> Exercise prompt: For this exercise, restate every line below word for word and drop the images.

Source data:
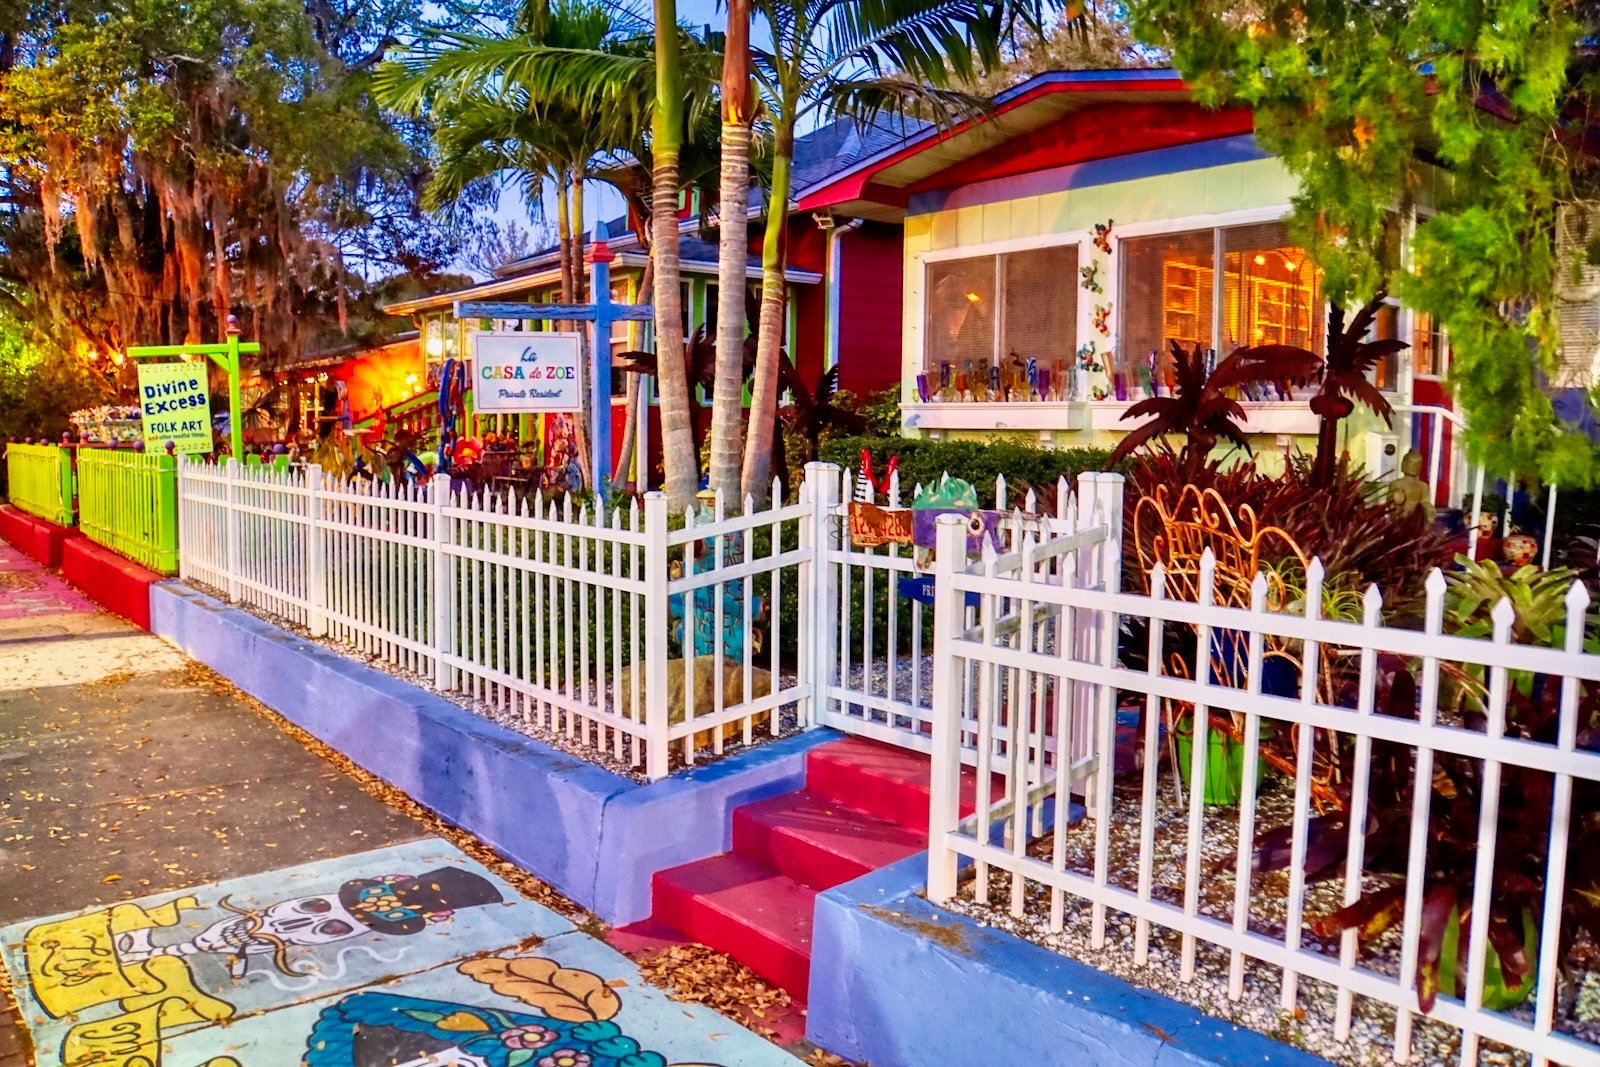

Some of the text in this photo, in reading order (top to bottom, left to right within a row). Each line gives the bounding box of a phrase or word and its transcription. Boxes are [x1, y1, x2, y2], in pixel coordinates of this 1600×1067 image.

[520, 346, 538, 363] La
[481, 366, 575, 379] CASA de ZOE
[144, 379, 198, 399] Divine
[498, 389, 563, 399] Private Resident
[144, 393, 206, 415] Excess
[150, 420, 203, 433] FOLK ART
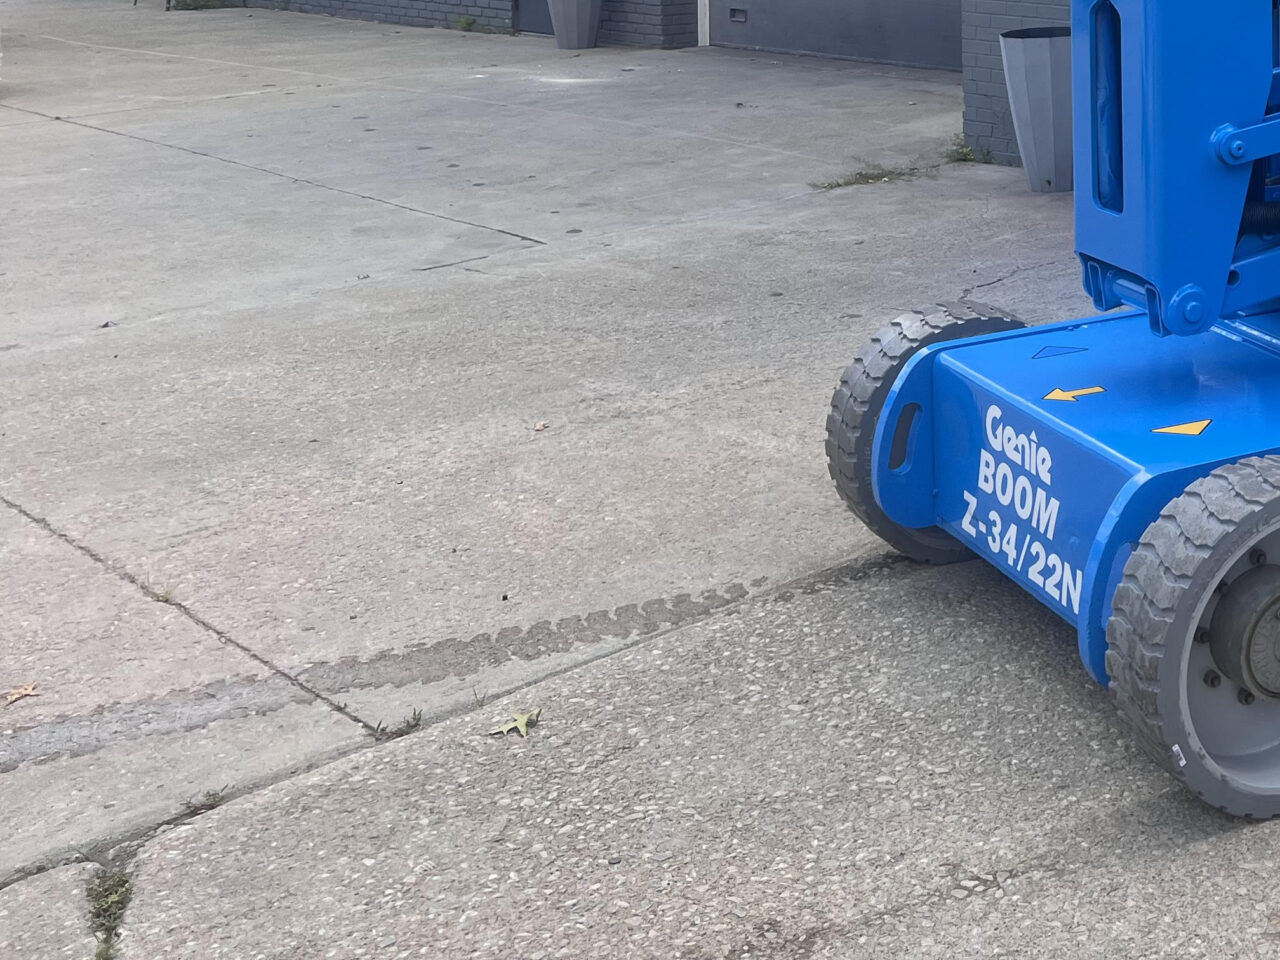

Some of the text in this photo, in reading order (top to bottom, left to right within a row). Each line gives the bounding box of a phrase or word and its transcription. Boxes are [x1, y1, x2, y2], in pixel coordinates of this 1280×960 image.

[985, 404, 1052, 486] Genie
[977, 448, 1061, 541] BOOM
[960, 489, 1084, 616] Z-34/22N
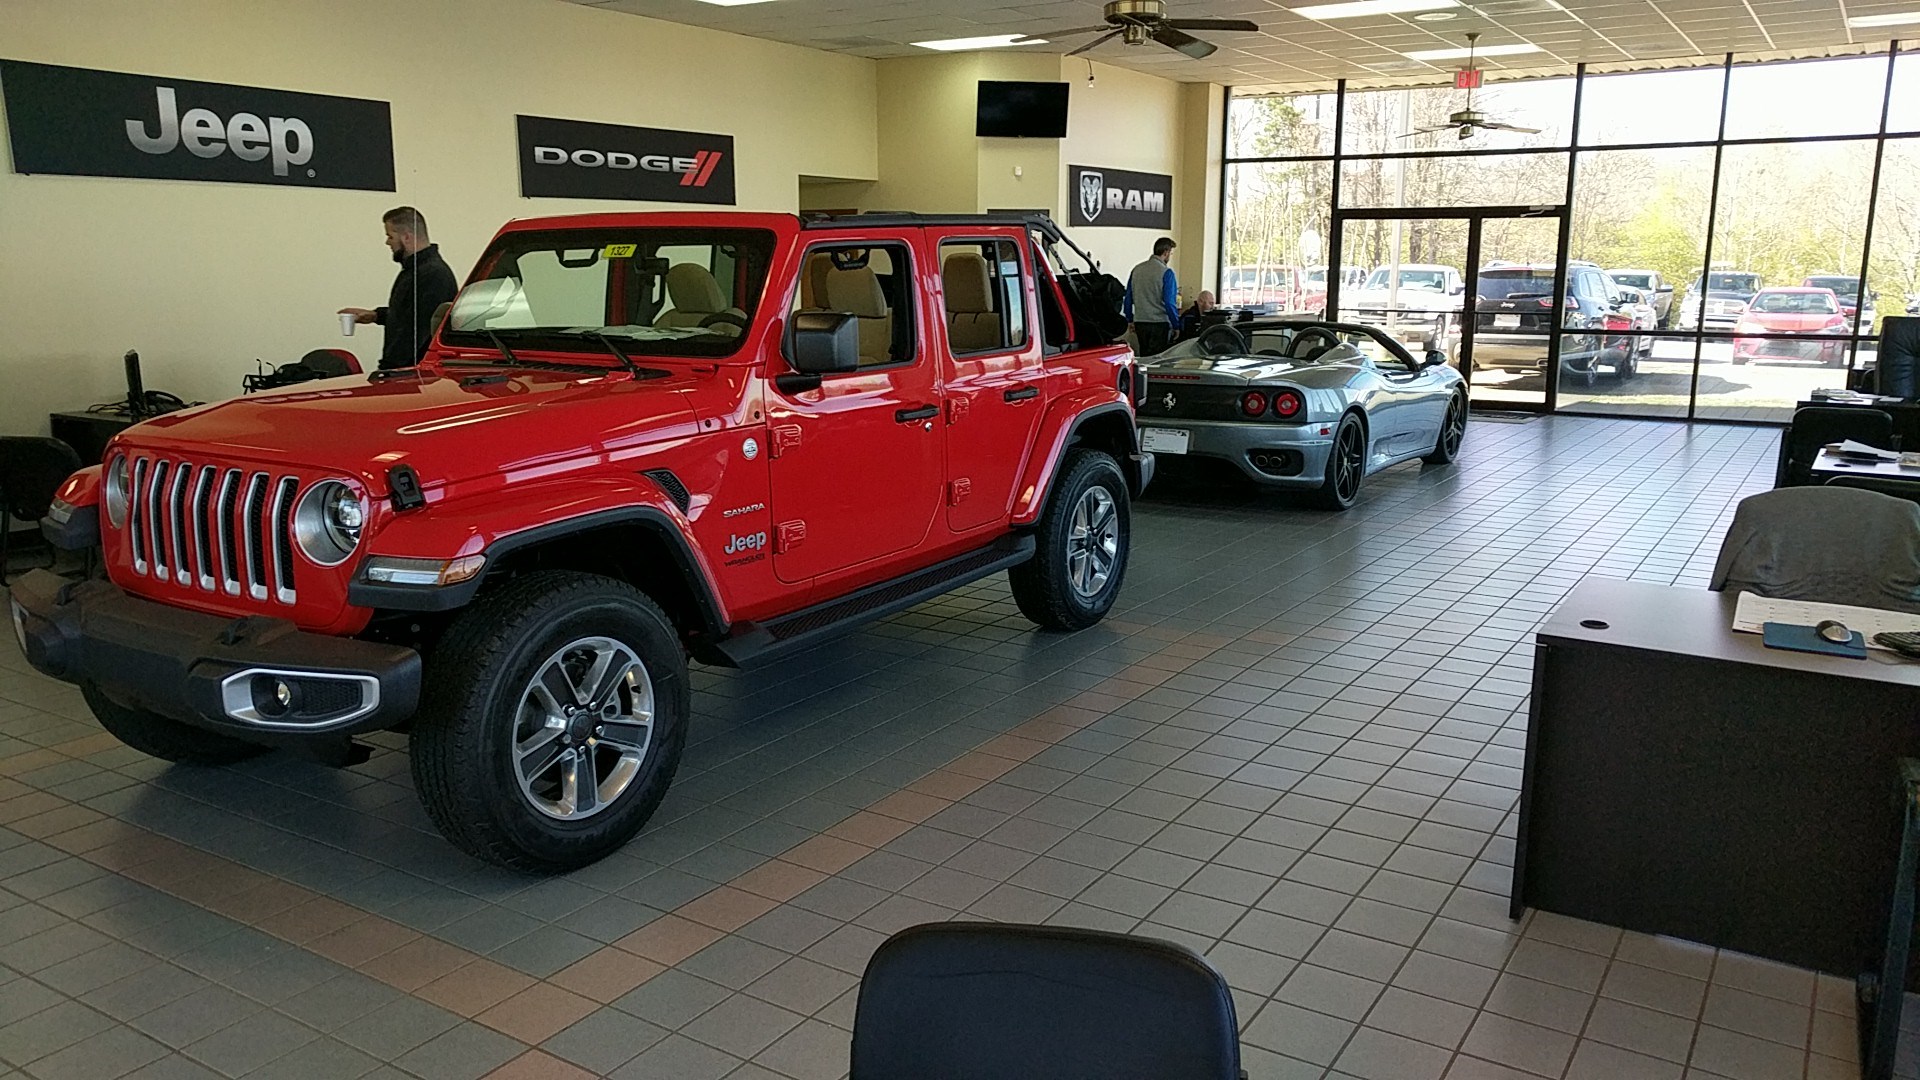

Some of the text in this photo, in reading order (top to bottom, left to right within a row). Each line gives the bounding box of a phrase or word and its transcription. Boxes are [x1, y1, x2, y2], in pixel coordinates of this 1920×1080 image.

[125, 86, 314, 177] Jeep
[534, 146, 699, 173] DODGE
[1106, 187, 1164, 212] RAM
[610, 246, 631, 256] 1327
[723, 502, 766, 518] SAHARA
[724, 531, 767, 555] Jeep
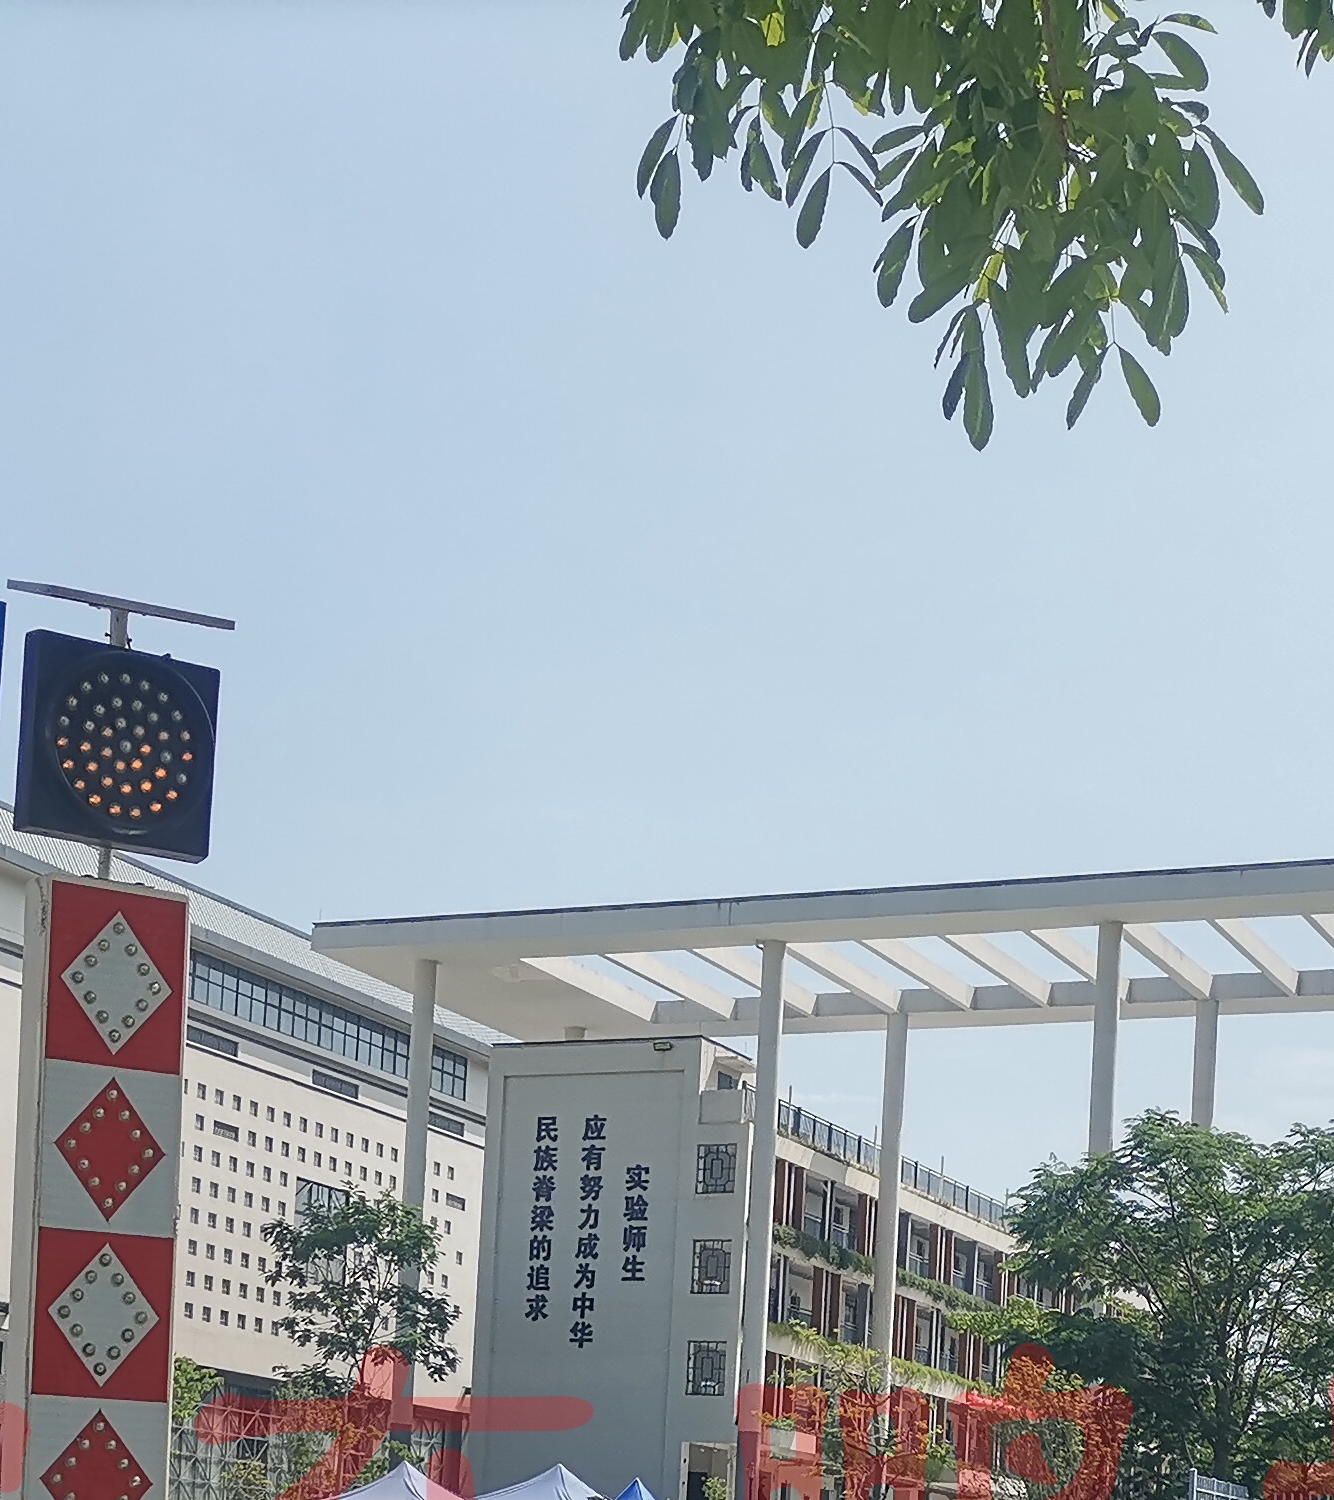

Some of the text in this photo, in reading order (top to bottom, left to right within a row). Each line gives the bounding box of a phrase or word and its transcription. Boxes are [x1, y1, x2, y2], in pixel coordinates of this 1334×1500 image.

> Response below:
Some of the text in this photo, in reading order (top to bottom, left to right within a row). Each line gives the bounding box of a phrase or word and its transcription. Boxes are [x1, y1, x2, y2], in pixel coordinates of this 1600×1067 image.

[520, 346, 538, 363] La
[481, 366, 575, 379] CASA de ZOE
[144, 379, 198, 399] Divine
[498, 389, 563, 399] Private Resident
[144, 393, 206, 415] Excess
[150, 420, 203, 433] FOLK ART

Some of the text in this photo, in reading order (top to bottom, left to right within a row). Each line gives the bounding box of a phrase or word and its transcription. Boxes are [x1, y1, x2, y2], in pixel coordinates of this 1280×960 image.

[985, 404, 1052, 486] Genie
[977, 448, 1061, 541] BOOM
[960, 489, 1084, 616] Z-34/22N

Some of the text in this photo, in reading order (top to bottom, left to right within a row). Each line gives the bounding box of a phrase or word and its transcription. Boxes are [x1, y1, x2, y2], in pixel coordinates of this 1920×1080 image.

[125, 86, 314, 177] Jeep
[534, 146, 699, 173] DODGE
[1106, 187, 1164, 212] RAM
[610, 246, 631, 256] 1327
[723, 502, 766, 518] SAHARA
[724, 531, 767, 555] Jeep

Some of the text in this photo, in reading order (top to bottom, left to right within a row). Each line gives the bounding box of a phrase or word and its transcription. Boxes are [x1, y1, x2, y2], in pixel coordinates of this 1334×1500 image.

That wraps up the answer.